(Extracted data entries)
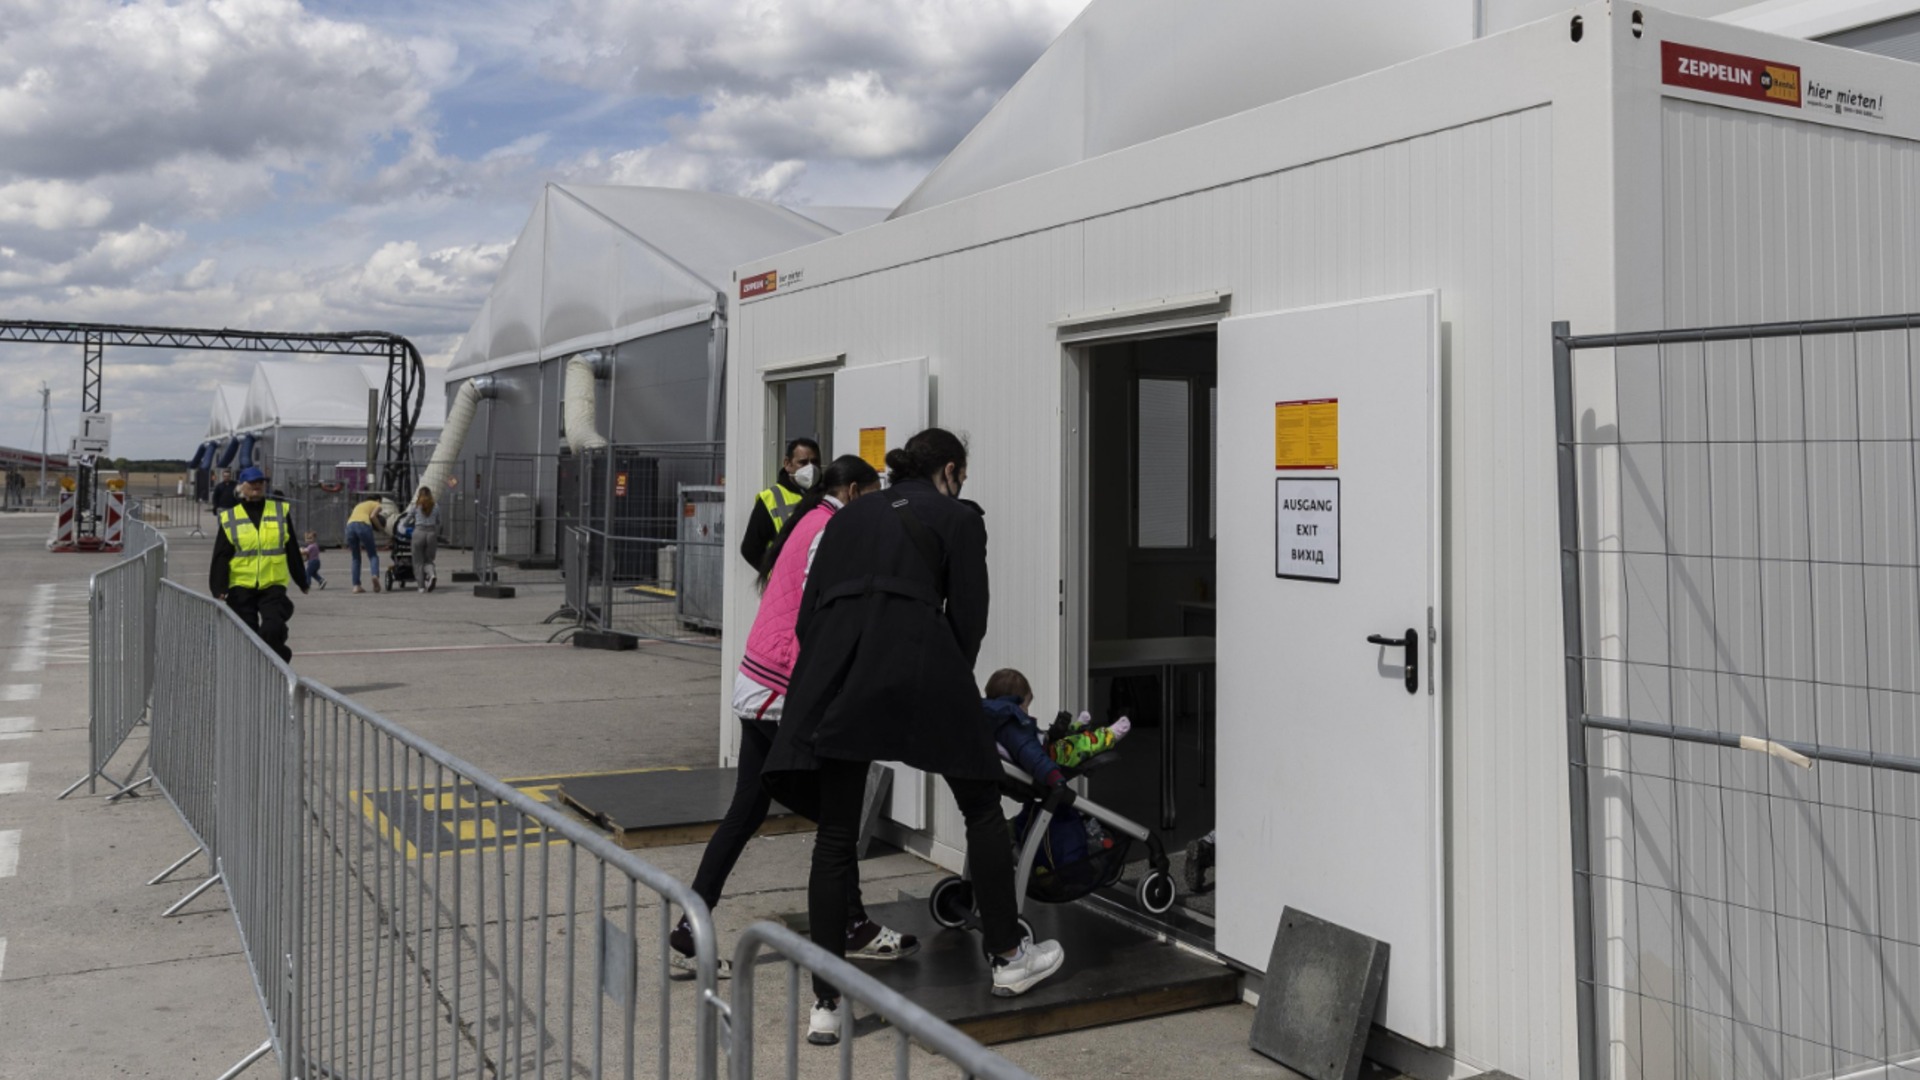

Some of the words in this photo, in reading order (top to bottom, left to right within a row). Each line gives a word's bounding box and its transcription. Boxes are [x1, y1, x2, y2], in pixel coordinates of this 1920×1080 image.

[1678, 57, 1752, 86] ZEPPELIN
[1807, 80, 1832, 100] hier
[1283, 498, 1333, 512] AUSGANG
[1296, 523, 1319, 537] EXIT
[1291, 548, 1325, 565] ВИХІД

### Action item
Set all of the records down once more, letter for letter, with the images removed.

### Response
Some of the words in this photo, in reading order (top to bottom, left to right within a row). Each line gives a word's bounding box and its transcription. Boxes are [x1, y1, x2, y2], in pixel coordinates of this 1920×1080 image.

[1678, 57, 1752, 86] ZEPPELIN
[1807, 80, 1832, 100] hier
[1283, 498, 1333, 512] AUSGANG
[1296, 523, 1319, 537] EXIT
[1291, 548, 1325, 565] ВИХІД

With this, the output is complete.